Tanzania helped foil terrorists attacks intended to disrupt last year’s General Election in Kenya and President Uhuru Kenyatta’s swearing-in ceremony.
In an exclusive interview with Saturday Nation, President Jakaya Kikwete revealed, however, that the terrorists were arrested, scuttling the attack plans.
“I remember we had to deal with some groups that wanted to disrupt the Kenyan elections; they were trying to hide here and we had to arrest them before the Kenyan elections but these are issues that we always deal with quietly,” the Tanzanian Head of State said.

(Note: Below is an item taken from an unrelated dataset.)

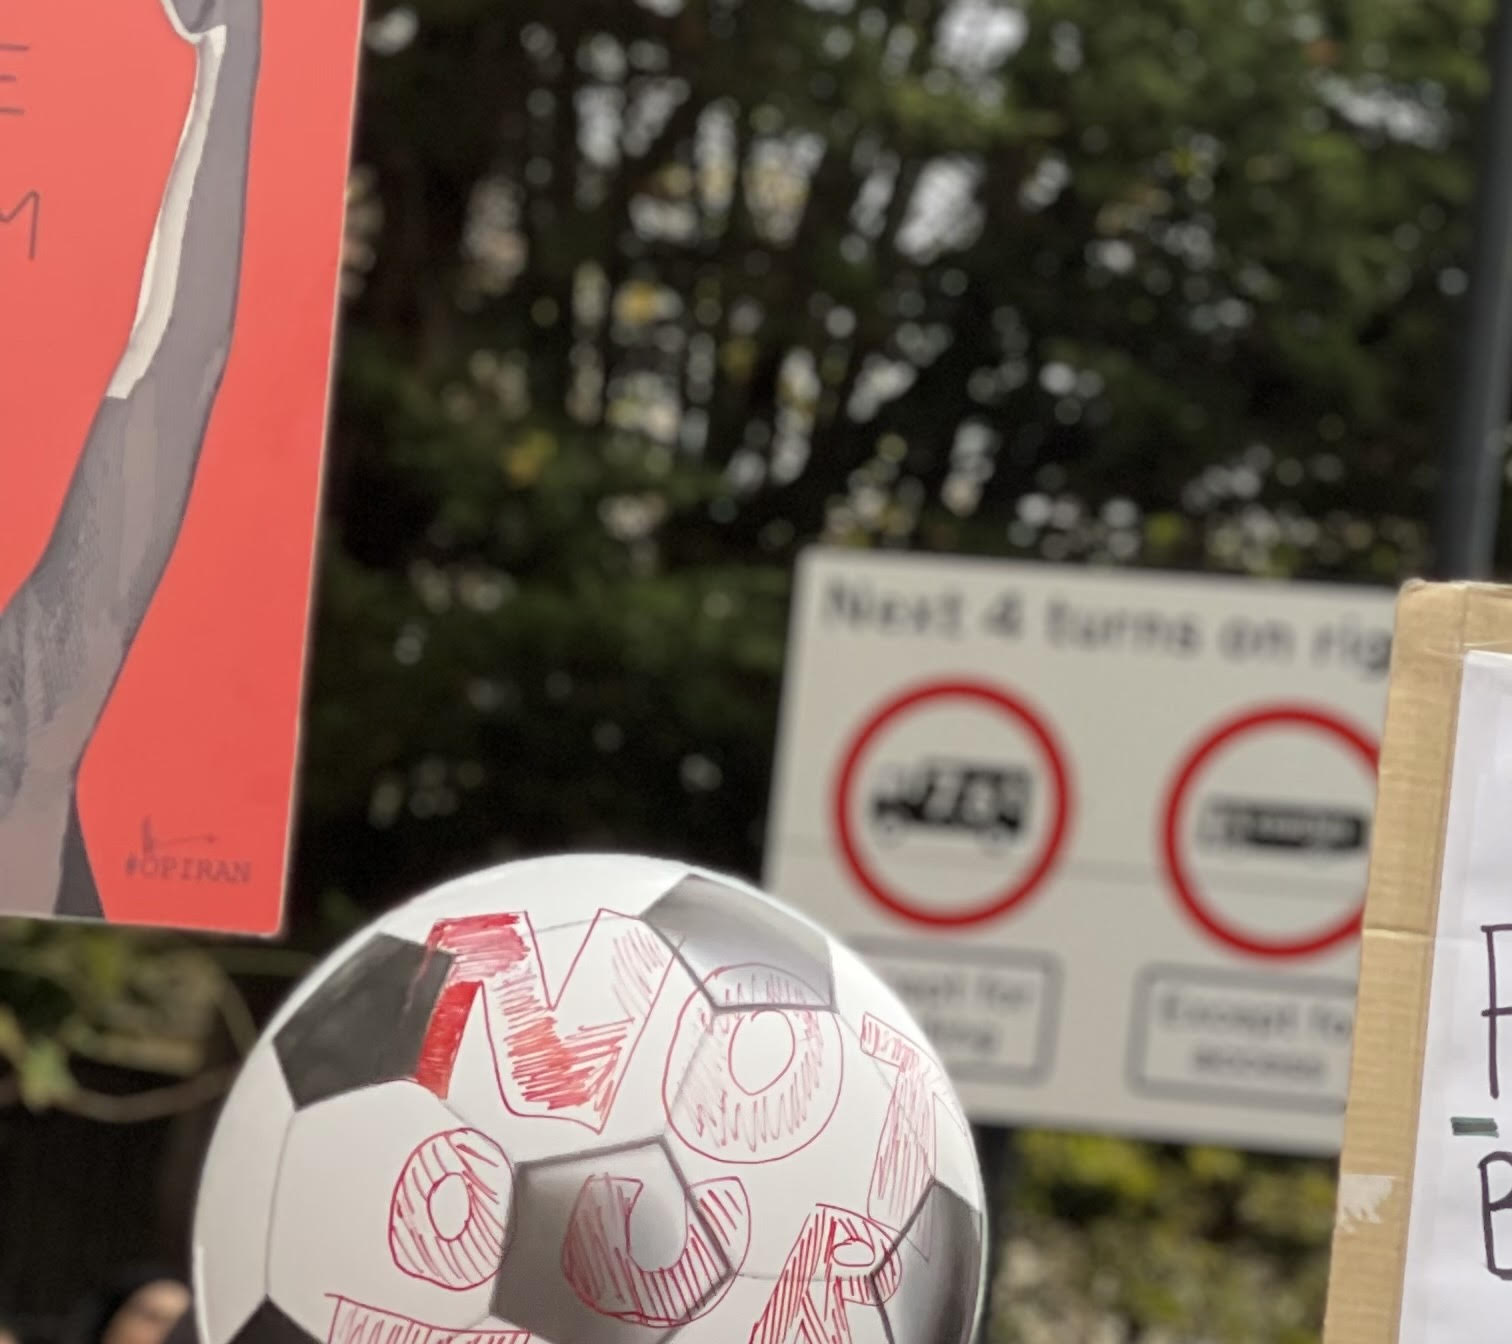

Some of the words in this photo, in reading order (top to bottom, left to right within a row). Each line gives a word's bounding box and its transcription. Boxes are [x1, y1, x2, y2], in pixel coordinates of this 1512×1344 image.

[1044, 599, 1200, 652] turns
[1219, 614, 1298, 655] on
[1311, 614, 1394, 680] rig

His account was confirmed by senior Kenyan security officials on condition of anonymity as the matter was of utmost secrecy.
Acting on information from the Tanzanian authorities, four suspects were picked up on the eve of the March 2013 elections.
About three others were arrested just before President Kenyatta and Deputy President William Ruto formally took the oath of office at the Kasarani Stadium in front of thousands of spectators and over a dozen African Heads of State.
President Kenyatta and senior security officials have previously hinted that Kenya has on several occasions nipped in the bud, plans for major terrorist attacks, even though some, such as the Westgate Mall attack, succeeded.
In a recent interview, President Kenyatta praised security forces for stopping terror attacks but declined to divulge details.
In Dar es Salaam, President Kikwete said early this week that terrorism and religious extremism remain key threats to peace and stability in the region.
He said religious extremism went beyond the scope of domestic political tensions.
“The religious extremism has nothing to do with the Union. It is a phenomenon that we all have to grapple with all of us.
It is very much related to the Al-Qaeda movement; the number of cells that they have established all over the world.
It is something that we have been working on jointly, sharing a lot of intelligence information,” he said.
The threat of terrorism has forced the neighbouring countries to be on a constant state of alert and to build capacities to carry out investigations and remain ahead of those planning such attacks.
“It is a serious matter; a worldwide problem. That time they were targeting US establishments but these days they are targeting our own people and our own establishments, so it is something we are concerned about.”
Separate interviews with senior Kenyan security officials revealed how close working relations with Tanzania thwarted at least two terror attacks targeting Kenya early last year.
At least one terror suspect was killed in Tanzania and seven others arrested.
PRESENTLY IN JAIL
Following reports that some attackers were sneaking into Tanzania to plot attacks, the National Intelligence Service (NIS) and the Tanzania Intelligence and Security Service (TISS) enhanced exchange of information, leading to the arrests.
Late February 2013, at least 40 terror suspects crossed to Kenya after undergoing training in Somali.
As a result of heightened covert security operations, about 10 of them were arrested but five managed to sneak into Tanzania.
One of them was killed by security agents there and another arrested and is presently in jail.
Tanzania was also closely monitoring its nationals who underwent terrorist training in Nguluni, Kenya, before they returned home.
Some are said to have fled to South Africa where they are suspected to be plotting some attacks.
The Inspector General of Police, Mr David Kimaiyo Friday refused to comment on the matter but confirmed that the Kenyan security agents were working very closely with the neighbouring countries in dealing with transnational crimes.
“The close working cooperation has been very fruitful. We however cannot divulge the details,” he told the Saturday Nation on Friday.
Mr Kimaiyo also said that the East African Police Chiefs Cooperation meeting would be held in Nairobi this August with the key aim of strengthening existing relationships.
In January, a similar meeting was held in Uganda.